Abortion and breast cancer: a forged link
Humanist, March-April, 2002 by Joyce Arthur
There simply is no known mechanism that would cause the alleged ABC link. Brind speculates that abortion suddenly interrupts the estrogen surge, leaving rapidly growing breast cells in an undifferentiated state and more vulnerable to carcinogens. However, this hypothesis has no empirical support. Besides, how would one then explain the fact that studies show no link between miscarriage and breast cancer, as anti-abortionists acknowledge? Brind claims the "raging-hormones-cut-short" problem doesn't affect miscarriage, since most miscarriages are caused by a lack of pregnancy hormones. Not so--the majority of miscarriages are actually caused by genetic defects in the egg/embryo, and other causes; only an estimated 10 percent or so of miscarriages are caused by hormonal deficiencies. This means there is probably no significant difference between the effects of miscarriage and abortion--so if miscarriage doesn't lead to an increased risk of breast cancer, then, of course, neither would abortion.
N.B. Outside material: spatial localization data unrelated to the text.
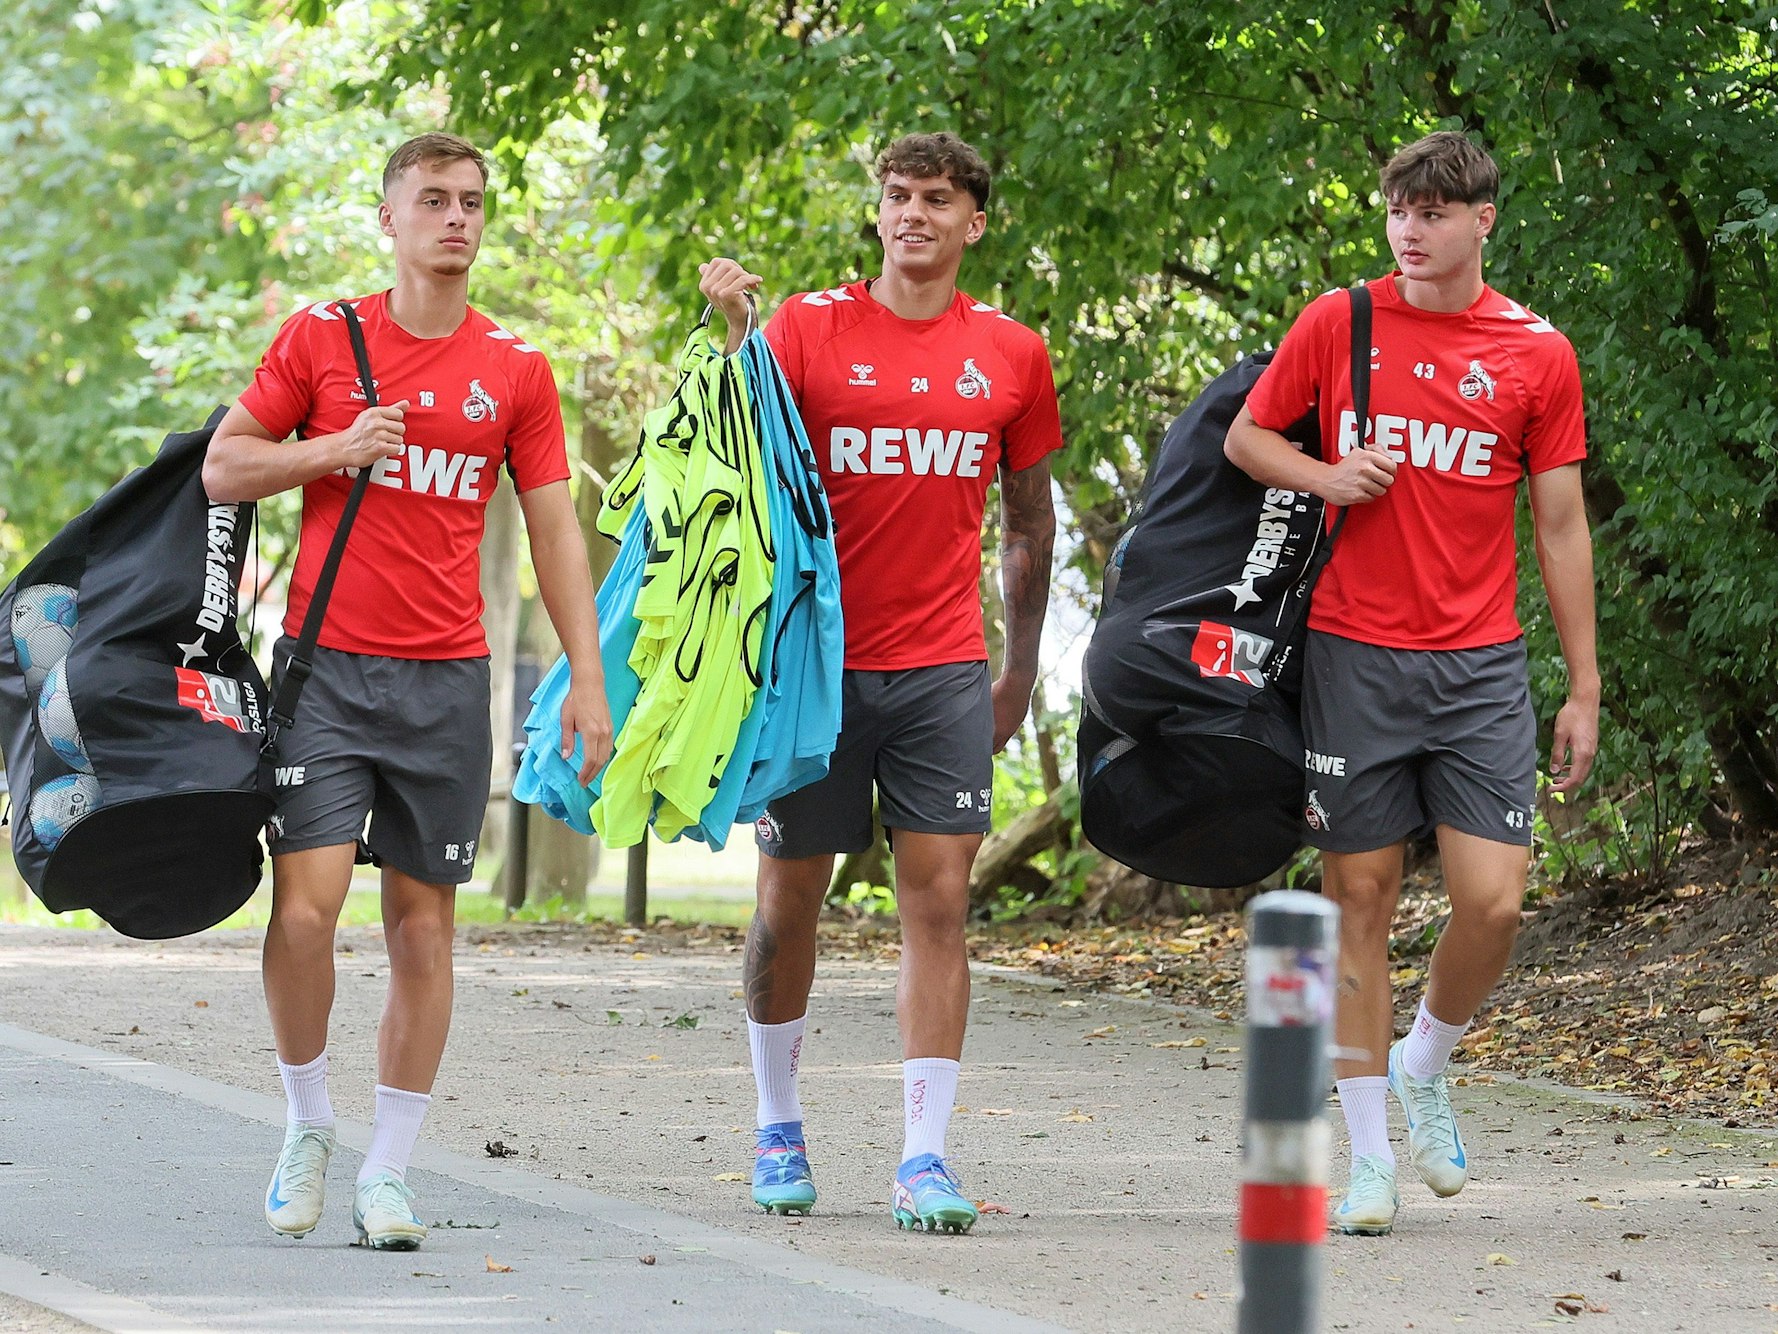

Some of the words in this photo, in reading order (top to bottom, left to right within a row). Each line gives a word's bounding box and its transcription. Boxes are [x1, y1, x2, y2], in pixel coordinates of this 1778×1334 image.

[1413, 362, 1435, 379] 43
[911, 377, 929, 393] 24
[418, 390, 435, 407] 16
[830, 426, 989, 478] REWE
[333, 442, 487, 501] EWE
[196, 499, 240, 634] DERBYSTA
[275, 766, 306, 787] WE
[955, 791, 973, 809] 24
[1505, 810, 1524, 829] 43
[445, 843, 460, 861] 16
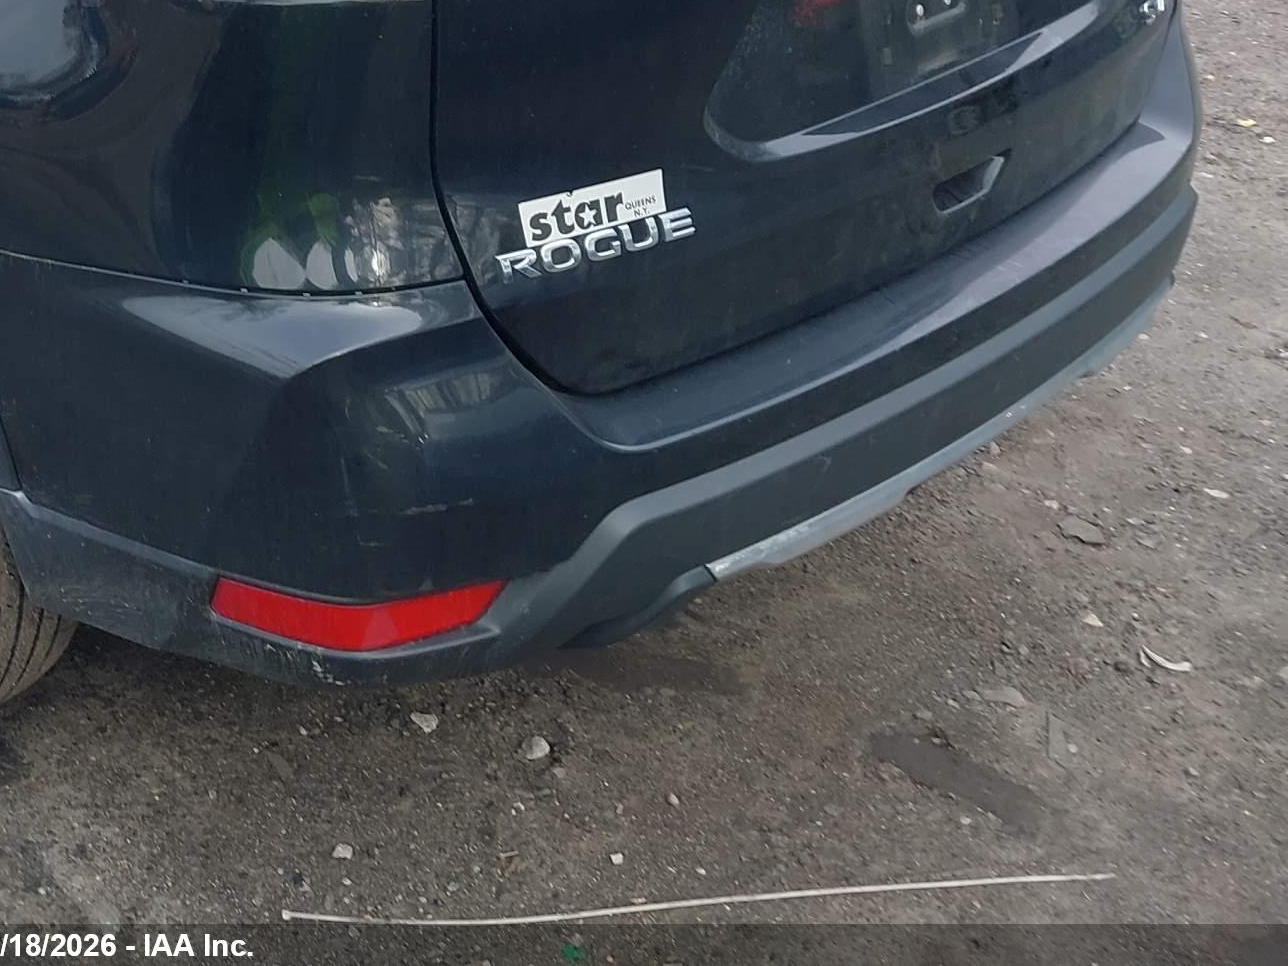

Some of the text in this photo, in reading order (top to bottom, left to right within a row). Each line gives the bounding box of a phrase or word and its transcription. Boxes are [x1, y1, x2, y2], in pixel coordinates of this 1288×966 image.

[529, 192, 623, 241] star
[624, 194, 657, 211] QUEENS
[495, 207, 696, 284] ROGUE
For the sake of argument, let's suppose that Brind's ABC link is real. What would it really mean? He claims that abortion may boost the risk of breast cancer by 30 percent, but this increase is not really that significant. For example, the risk is 200 percent to 300 percent higher for a woman whose mother or sister had breast cancer alter age fifty. Even this well-established risk factor is considered moderate by scientists. In comparison, the alleged ABC link barely qualifies; even if it's real, the risk is close to negligible. To put it another way, the National Cancer Institute estimates the current risk of breast cancer to be one in 2,525 for a woman in her thirties; if that risk were increased by 30 percent, it would mean one in 1,942 women would get breast cancer.
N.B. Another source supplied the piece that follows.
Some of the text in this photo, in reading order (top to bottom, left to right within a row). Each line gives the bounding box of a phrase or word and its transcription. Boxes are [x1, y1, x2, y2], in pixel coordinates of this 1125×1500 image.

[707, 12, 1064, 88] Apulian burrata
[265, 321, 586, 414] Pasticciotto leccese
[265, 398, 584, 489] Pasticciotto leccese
Second, correlation doesn't equal causation, which means some other factor could be responsible for any increased breast cancer risk, thus confounding the study results. For example, women with a first full-term pregnancy after age thirty face a breast cancer risk two to three times higher than women with a full-term pregnancy before age twenty. If a study included many women who had aborted their first pregnancy when they were young, effectively postponing motherhood, we might find a correlation between abortion and breast cancer, but delayed childbearing would be the more probable cause of the increased risk.
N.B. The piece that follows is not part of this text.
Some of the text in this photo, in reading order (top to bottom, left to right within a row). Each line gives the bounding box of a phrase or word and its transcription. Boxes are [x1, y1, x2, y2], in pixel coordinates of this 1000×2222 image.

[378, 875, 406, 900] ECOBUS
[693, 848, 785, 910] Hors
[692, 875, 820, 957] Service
Anti-abortion "researchers" are notorious for confusing correlation with causation, which is showcased by a new study, privately funded by a British anti-abortion group. The "study"--published by lone author Patrick Carroll and not peer reviewed--blames thirty years of legalized abortion for rising rates of breast cancer in some countries. Dismissed or ignored are many other probable causes that have also proliferated in the last thirty years--including delayed childbearing, smaller family size, better cancer-screening methods, environmental contaminants, obesity in mid-life, and the use of oral contraceptives and hormone replacement therapy.